**YOUR ASSIGNMENT**
All lines from the one containing "Some of the words" through the final line of the entries are to be written out verbatim; no other line is to be included.

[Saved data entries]
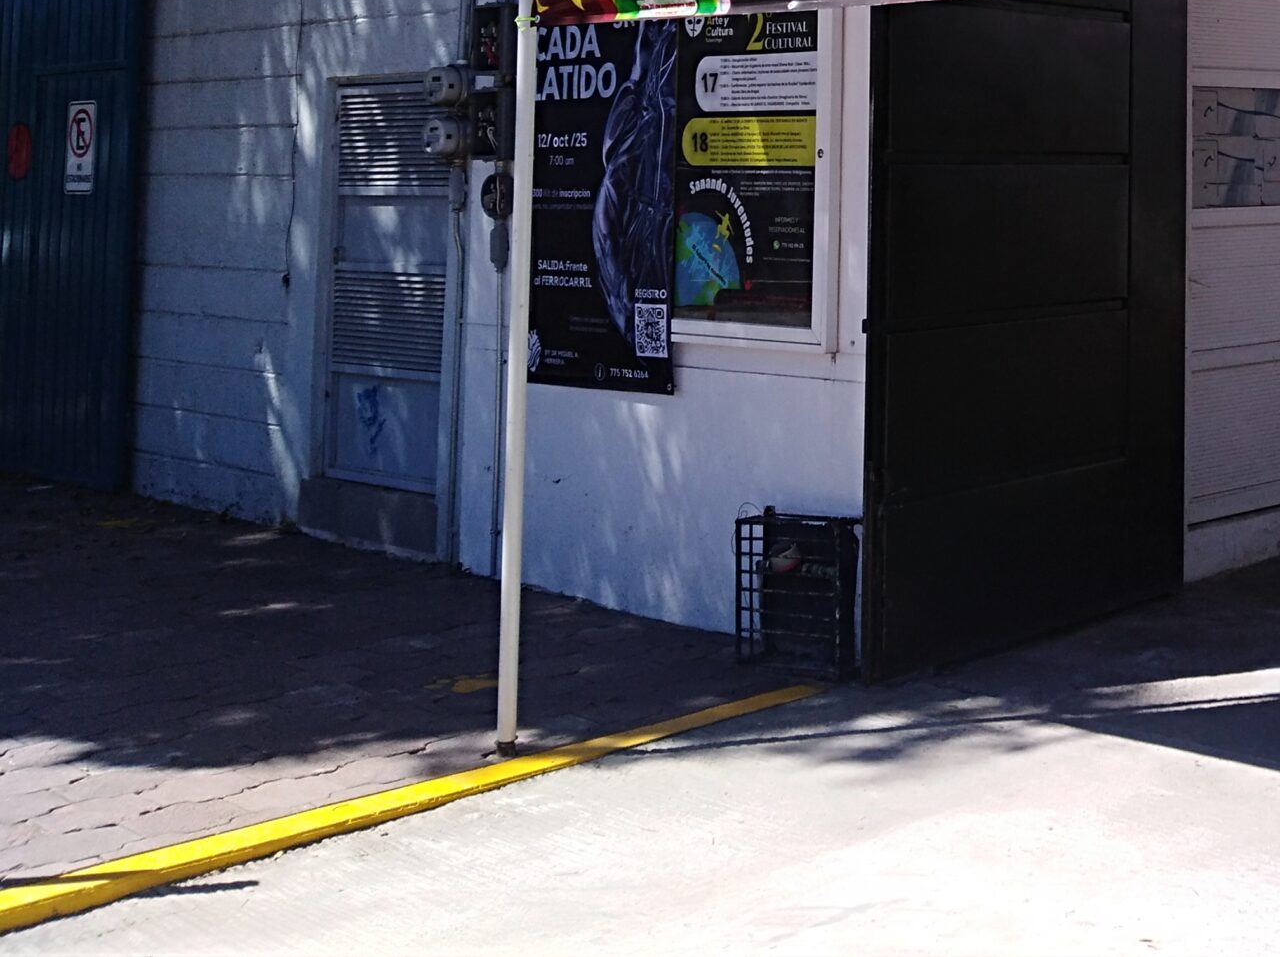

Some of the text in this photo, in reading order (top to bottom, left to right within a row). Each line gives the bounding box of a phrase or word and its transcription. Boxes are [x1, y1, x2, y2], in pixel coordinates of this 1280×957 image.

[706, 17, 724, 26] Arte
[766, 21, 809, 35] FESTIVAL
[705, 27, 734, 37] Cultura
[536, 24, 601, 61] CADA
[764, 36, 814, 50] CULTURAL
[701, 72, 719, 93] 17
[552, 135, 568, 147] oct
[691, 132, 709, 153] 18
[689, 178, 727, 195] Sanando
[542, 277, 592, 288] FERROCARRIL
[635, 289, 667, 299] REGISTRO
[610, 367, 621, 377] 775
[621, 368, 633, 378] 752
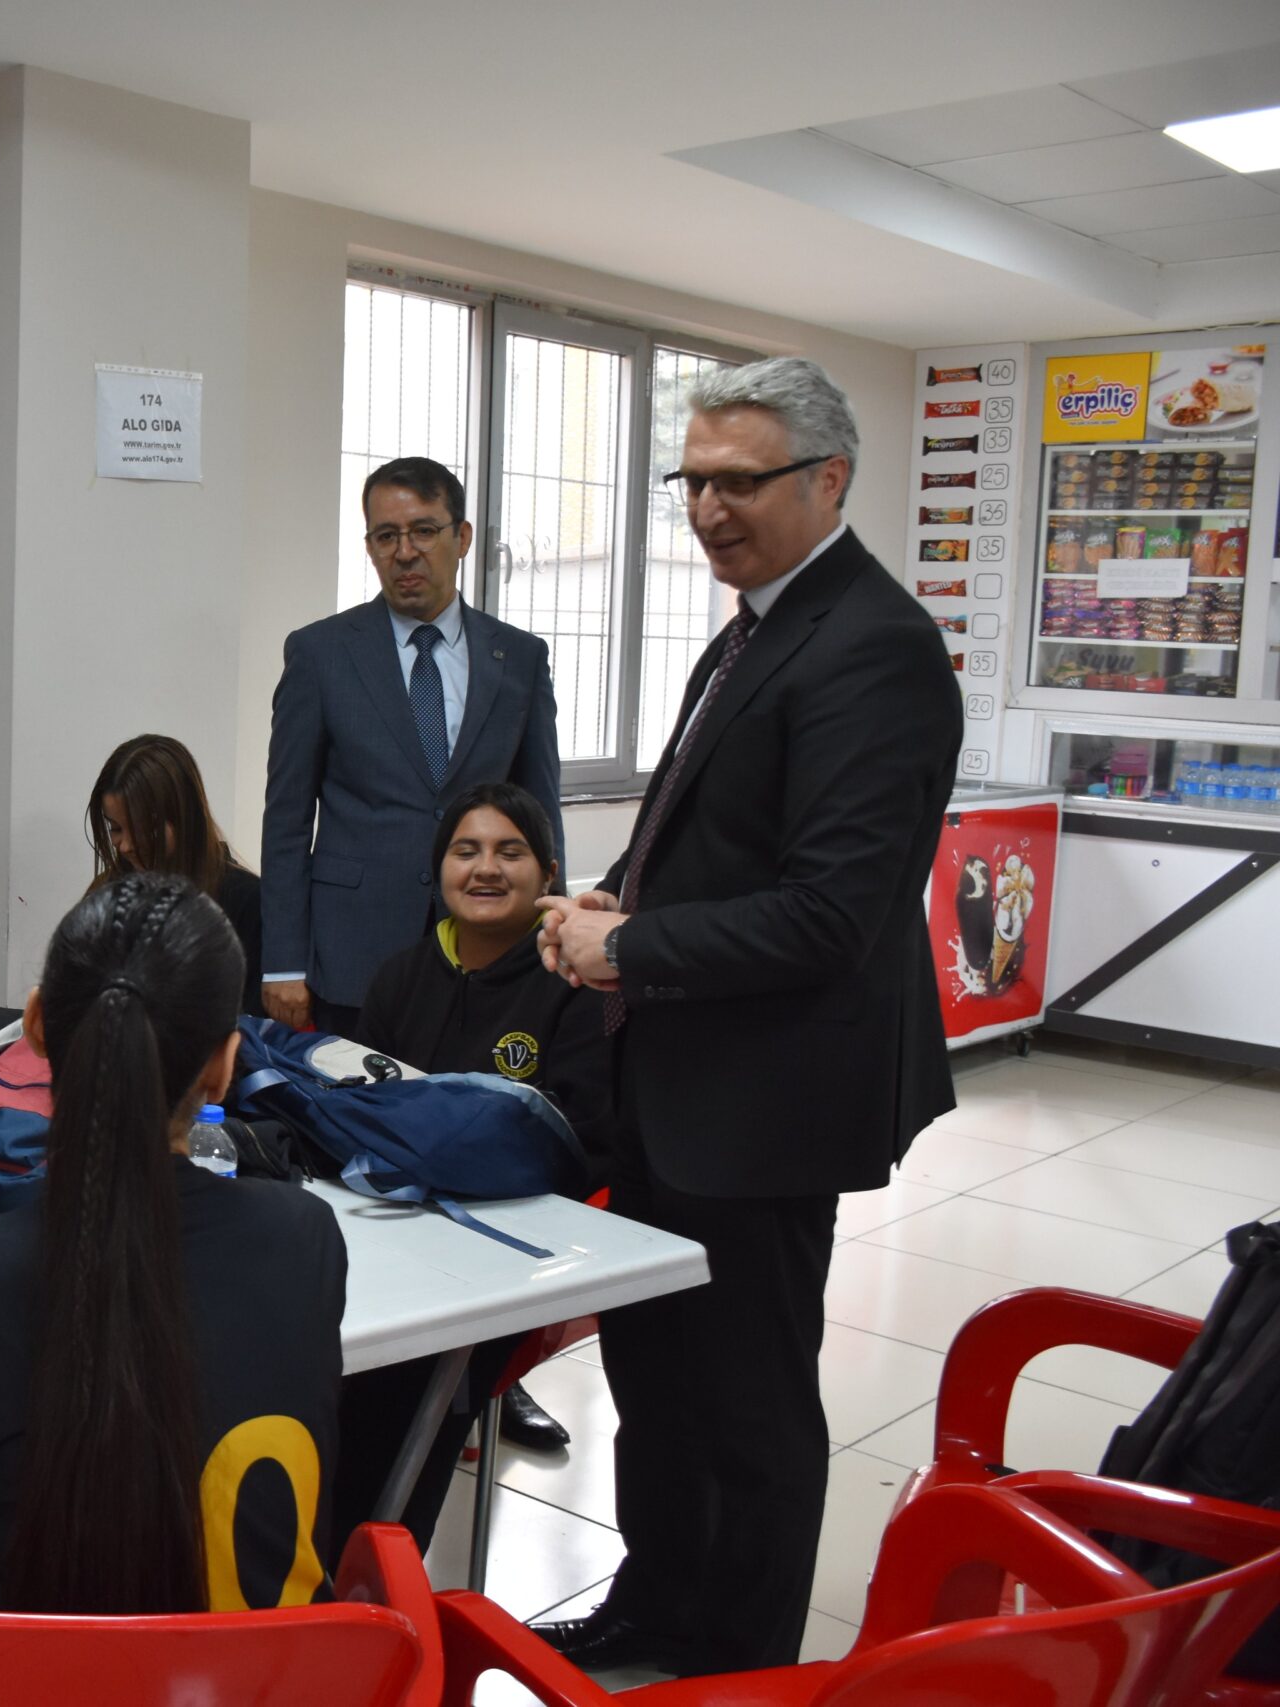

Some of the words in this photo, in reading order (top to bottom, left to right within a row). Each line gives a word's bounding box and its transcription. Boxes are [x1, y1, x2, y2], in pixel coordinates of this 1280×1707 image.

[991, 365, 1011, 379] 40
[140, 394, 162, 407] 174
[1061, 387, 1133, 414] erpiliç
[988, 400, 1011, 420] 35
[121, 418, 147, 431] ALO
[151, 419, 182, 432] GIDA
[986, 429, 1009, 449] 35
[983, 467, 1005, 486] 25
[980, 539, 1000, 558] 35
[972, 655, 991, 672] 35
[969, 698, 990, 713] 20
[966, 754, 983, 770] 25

**EXERCISE RESPONSE**
Some of the words in this photo, in reading order (top to bottom, left to right within a row). Each line gives a word's bounding box and its transcription. Boxes are [x1, y1, x2, y2], in pixel coordinates of this 1280×1707 image.

[991, 365, 1011, 379] 40
[140, 394, 162, 407] 174
[1061, 387, 1133, 414] erpiliç
[988, 400, 1011, 420] 35
[121, 418, 147, 431] ALO
[151, 419, 182, 432] GIDA
[986, 429, 1009, 449] 35
[983, 467, 1005, 486] 25
[980, 539, 1000, 558] 35
[972, 655, 991, 672] 35
[969, 698, 990, 713] 20
[966, 754, 983, 770] 25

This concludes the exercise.